The PI3K and MAPK signalling pathways. Growth factors and other external signalling molecules stimulate the activation of the PI3K and MAPK pathways through receptor tyrosine kinase (RTK) phosphorylation at the cell membrane. Activated RTKs recruit molecules bearing phosphotyrosine-binding (PTB) or Src homology-2 (SH2) domains, such as IRS or p85, respectively. For PI3K enzymes, the binding of the p85 subunit activates the catalytic function of p110, prompting the phosphorylation of phosphatidylinositol 4,5-bisphosphate (PI(4,5)P₂) to phosphatidylinositol 3,4,5-trisphosphate (PI(3,4,5)P₃). PI(3,4,5)P₃, a prominent second messenger in cell signalling, accumulates at the cell membrane attracting molecules with pleckstrin-homology (PH) domains, primarily phosphoinositide-dependent protein kinase 1 (PDK1) and the AKT serine/threonine kinase family (protein kinase B/PKB).
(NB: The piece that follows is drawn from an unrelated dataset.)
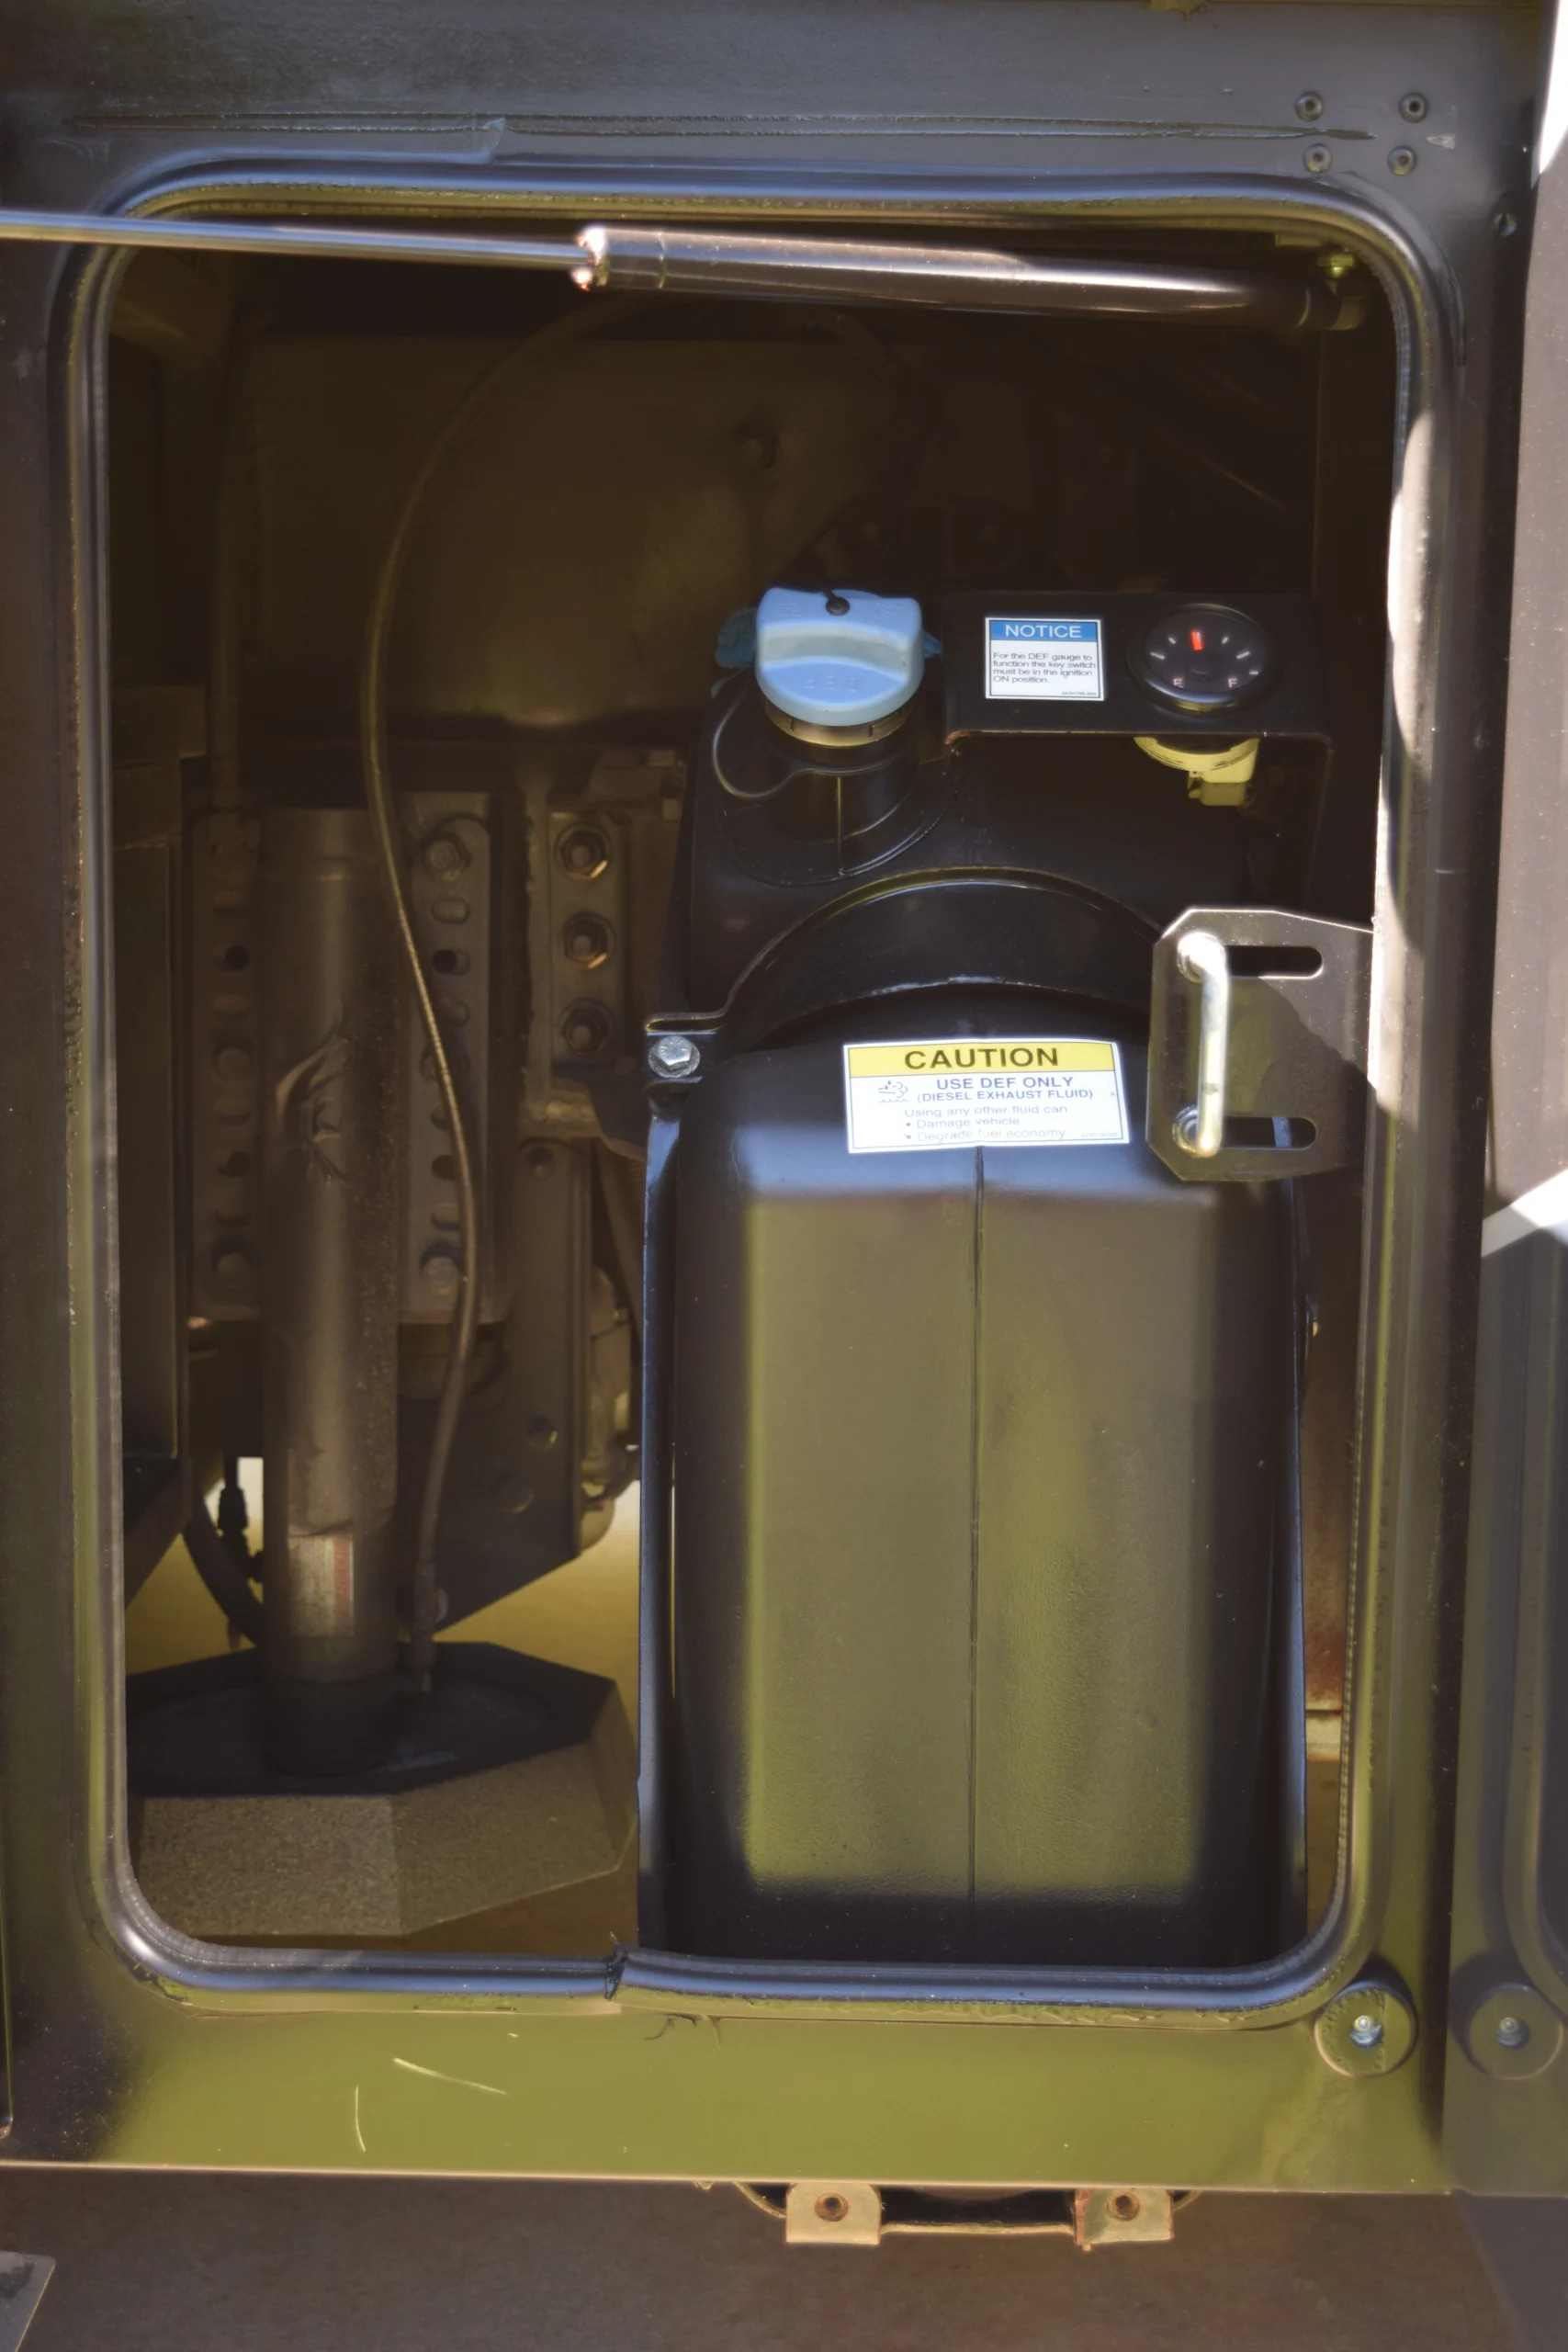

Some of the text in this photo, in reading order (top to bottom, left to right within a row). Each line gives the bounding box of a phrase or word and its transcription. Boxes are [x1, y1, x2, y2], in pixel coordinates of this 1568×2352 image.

PDK1 partially activates AKT at threonine 308 through phosphorylation, with full activation enabled by serine 473 phosphorylation via the mammalian target of rapamycin (mTOR) complex 2 (mTORC2). AKT targets various proteins in order to alter major signalling pathways within the cell. These include prosurvival pathways (BIM, BAX, BAD, BCL-2, MDM2 and FoxO1), cell cycle progression and glucose metabolism (p27, GSK3 and AS160), and cellular proliferation and protein synthesis (TSC2). Another prominent effector targeted downstream in the PI3K pathway is mTOR complex 1 (mTORC1), which has been shown to regulate cellular growth and metabolism, amongst other processes. In particular, mTORC1 targets ribosomal protein S6 kinase (S6K) and eukaryotic initiation factor 4E-binding protein 1 (4E-BP1), with the former directly effecting eukaryotic initiation factor 4E (eIF4E) and subsequent translation of cell cycle regulators.

Figure 2

Insulin-mediated feedback loops following PI3K/mTOR inhibition. Following treatment with PI3K inhibitors, the liver breaks down stored glycogen releasing glucose into the bloodstream. The increased levels of glucose (hyperglycaemia) are detected by the pancreas, and in an effort to overcome these high levels of glucose, large amounts of insulin are released (hyperinsulinemia). This substantial release of insulin is sufficient to partially reactivate the insulin receptor which re-instates both IRS and GBR2 activity. What results is an increase in both PI3K and MAPK pathway activation, limiting the therapeutic effects of PI3K inhibitors. mTOR1 inhibitors, such as rapamycin, block downstream translation by downregulating S6K1 and 4E-BP1. In turn, this de-represses the S6K1 substrate IRS1, which acts as an intermediary between insulin receptor and the PI3K complex. The recruitment of PI3K to the active receptor enhances both MAPK and downstream PI3K signalling. Thus, limiting the overall sensitivity of mTOR inhibition in these tumours. Downregulation of mTOR activity either through AKT inhibition or direct mTOR inhibition blocks 4E-BP1-mediated translation of PTEN. This enhances the pool of PIP3 in cells resulting in the sustained activation of AKT.

Figure 3

Adaptive and epigenetic-driven mechanisms of resistance to PI3K/AKT inhibition. A number of adaptive mechanisms regulating PI3K inhibitor sensitivity have been described. The most notable of which is the upregulation receptor tyrosine kinases (RTKs) following PI3K/AKT inhibition. Members of the FOXO family of transcription factors are direct substrates of AKT with phosphorylation limiting their nuclear localisation. Upon AKT downregulation FOXO is drawn into the nucleus where it is recruited to binding sites which upregulate a number of receptor tyrosine kinases including HER2 and HER3. This upregulation of these RTKs results in the enhanced activity of both MAPK and PI3K signalling pathways. Similarly, in ER+ breast cancers AKT phosphorylates the methyl-transferase KMT2D inhibiting the methyl-transferase activity of the enzyme. Upon AKT inhibition KMT2D activity is restored priming the recruitment of the transcription factors FOXA1, PBX1 and ER onto ER binding sites enhancing ER-dependent gene transcription and limiting the PI3K therapeutic effects. SGK3 is an ER transcriptional target. PIK3CA mutant tumours displaying low levels of pAKT can circumvent this by activating SGK3 and downstream mTOR signalling limiting the sensitivity of PI3K inhibitors.